In one embodiment of the present invention, when the measuring casing 1 is in the horizontal position, the winch 13 can be started to tighten the pulling rope 14 by pressing the contact switch 16, when the connecting column 17 is rotated to press the contact switch 16, the winch 13 stops working and maintains the pulling force to ensure that the pulling rope 14 is not moved, and when the measuring casing 1 is in the nearly vertical state, the operation of step S2 can be performed. The gel type plugging material 3 to be tested enters the hollow core 2 when being in a fluid state, and the step S3 is performed after the gel is formed in the hollow core 2. In order to ensure the fastening performance between the sealing plate 27 and the measurement housing 1, a sealing ring 20 is provided between the sealing plate 27 and the measurement housing 1, and the sealing plate 27 and the measurement housing 1 are fastened by a locking bolt 18. The winch 13 is started again to enable the winch 13 to pay out the pull rope 14, the measuring shell 1 rotates downwards under the action of gravity and is stopped at the limiting rod 11, the connecting column 17 and the limiting rod 11 are fastened through screws, the extending length of the limiting rod 11 is changed according to specific experimental conditions, the inclination angle of the measuring shell 1 is changed, and the adhesion strength under different angles is simulated. When heating is needed, the heater 8 may be started to heat, and heating may be performed when the gel plugging material 3 to be tested just enters the hollow core 2, or may be performed when the step S3 is finished. And step S5 is performed when the temperature value of the gel plugging material 4 to be tested reaches the predetermined temperature value.

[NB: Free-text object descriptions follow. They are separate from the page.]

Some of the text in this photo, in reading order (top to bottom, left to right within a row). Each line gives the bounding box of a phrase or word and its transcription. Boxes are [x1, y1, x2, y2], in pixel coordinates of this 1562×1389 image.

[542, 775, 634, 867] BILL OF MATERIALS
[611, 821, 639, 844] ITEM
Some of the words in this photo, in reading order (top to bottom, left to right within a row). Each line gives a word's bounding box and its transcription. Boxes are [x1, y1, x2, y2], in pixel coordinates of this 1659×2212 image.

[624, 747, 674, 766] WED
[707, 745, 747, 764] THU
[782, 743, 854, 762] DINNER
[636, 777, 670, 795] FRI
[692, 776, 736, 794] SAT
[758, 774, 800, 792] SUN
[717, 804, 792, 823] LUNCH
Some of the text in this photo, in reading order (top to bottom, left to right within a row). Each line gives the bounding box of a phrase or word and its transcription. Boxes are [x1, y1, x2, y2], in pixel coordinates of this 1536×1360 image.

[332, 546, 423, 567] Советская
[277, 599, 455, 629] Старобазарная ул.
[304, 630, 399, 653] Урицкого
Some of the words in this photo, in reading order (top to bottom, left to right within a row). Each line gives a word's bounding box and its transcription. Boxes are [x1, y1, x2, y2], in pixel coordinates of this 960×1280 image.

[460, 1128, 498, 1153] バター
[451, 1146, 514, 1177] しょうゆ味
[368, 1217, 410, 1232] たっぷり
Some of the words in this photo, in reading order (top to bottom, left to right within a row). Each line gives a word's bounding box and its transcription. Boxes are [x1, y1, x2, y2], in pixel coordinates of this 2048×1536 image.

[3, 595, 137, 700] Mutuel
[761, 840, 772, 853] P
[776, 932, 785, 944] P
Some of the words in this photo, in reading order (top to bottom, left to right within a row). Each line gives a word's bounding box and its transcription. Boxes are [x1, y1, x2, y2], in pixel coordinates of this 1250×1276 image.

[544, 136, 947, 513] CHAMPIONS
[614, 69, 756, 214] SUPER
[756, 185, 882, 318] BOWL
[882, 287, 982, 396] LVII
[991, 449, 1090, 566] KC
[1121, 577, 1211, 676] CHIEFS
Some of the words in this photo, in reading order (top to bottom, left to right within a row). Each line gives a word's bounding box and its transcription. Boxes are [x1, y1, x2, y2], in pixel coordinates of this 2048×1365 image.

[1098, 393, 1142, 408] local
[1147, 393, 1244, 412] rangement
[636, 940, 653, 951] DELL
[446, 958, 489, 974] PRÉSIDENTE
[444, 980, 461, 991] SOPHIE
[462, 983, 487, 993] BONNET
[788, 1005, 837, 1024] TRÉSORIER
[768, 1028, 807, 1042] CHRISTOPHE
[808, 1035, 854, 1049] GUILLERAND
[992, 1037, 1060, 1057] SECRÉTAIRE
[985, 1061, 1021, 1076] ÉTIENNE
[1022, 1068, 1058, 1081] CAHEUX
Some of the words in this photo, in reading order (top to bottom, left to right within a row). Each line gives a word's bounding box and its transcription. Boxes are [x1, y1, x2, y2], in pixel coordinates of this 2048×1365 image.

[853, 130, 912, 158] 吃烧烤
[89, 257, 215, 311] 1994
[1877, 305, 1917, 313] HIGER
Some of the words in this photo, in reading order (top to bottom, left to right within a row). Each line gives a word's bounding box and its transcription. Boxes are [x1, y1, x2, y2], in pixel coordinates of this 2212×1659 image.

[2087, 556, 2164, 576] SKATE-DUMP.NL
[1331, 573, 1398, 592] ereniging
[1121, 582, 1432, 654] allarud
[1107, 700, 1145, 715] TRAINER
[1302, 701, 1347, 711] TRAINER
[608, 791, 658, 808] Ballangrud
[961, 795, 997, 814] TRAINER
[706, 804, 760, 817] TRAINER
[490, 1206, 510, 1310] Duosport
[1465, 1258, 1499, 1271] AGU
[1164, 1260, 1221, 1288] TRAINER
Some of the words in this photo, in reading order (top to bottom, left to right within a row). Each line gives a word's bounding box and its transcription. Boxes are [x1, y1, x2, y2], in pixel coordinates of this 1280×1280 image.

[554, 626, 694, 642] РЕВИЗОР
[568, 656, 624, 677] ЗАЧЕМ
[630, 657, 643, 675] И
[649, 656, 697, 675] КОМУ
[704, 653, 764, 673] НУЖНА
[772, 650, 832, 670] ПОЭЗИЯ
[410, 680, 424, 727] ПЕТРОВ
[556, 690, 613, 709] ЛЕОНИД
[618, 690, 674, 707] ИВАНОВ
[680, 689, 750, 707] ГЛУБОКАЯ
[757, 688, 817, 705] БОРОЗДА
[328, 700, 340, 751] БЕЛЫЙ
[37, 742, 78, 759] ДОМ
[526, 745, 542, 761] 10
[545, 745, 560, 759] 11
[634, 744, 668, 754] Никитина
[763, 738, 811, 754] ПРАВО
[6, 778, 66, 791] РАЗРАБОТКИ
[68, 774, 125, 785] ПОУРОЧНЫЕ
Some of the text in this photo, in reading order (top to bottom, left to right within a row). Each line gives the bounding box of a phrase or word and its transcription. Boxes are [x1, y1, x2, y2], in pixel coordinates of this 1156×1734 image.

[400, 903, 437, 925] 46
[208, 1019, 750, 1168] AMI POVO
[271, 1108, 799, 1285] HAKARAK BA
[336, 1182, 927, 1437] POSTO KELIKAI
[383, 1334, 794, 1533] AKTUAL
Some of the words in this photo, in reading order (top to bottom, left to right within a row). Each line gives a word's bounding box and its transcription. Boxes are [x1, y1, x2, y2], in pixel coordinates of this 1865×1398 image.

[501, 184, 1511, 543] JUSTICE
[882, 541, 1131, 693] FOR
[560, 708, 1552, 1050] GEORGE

Because of the maximum static friction force and the poor rigidity of the gel plugging material, the adhesion strength in the moving process slightly changes, so that the gel plugging material is difficult to keep moving at a constant speed, the hydraulic thrust is in a descending trend after the gel plugging material starts to move, but the hydraulic thrust continuously changes due to a feedback mechanism, so that the hydraulic thrust fluctuates up and down along with time after reaching a peak and tends to be stable integrally.

In conclusion, the hollow core is used as a container and directly contacted with the gel plugging material to be detected, the oil is injected to directly pressurize the interior of the hollow core, so that the gel plugging material to be detected obtains driving force, when the gel plugging material to be detected moves relative to the hollow core, the maximum friction force is reached, and the adhesion strength of the gel plugging material to be detected and the rock wall surface can be calculated; the displacement measurement component can also obtain the adhesive strength of the gel plugging material to be measured in the uniform-speed moving process, and has important significance for determining the plugging mechanism of the gel plugging material and solving the problem of lost circulation.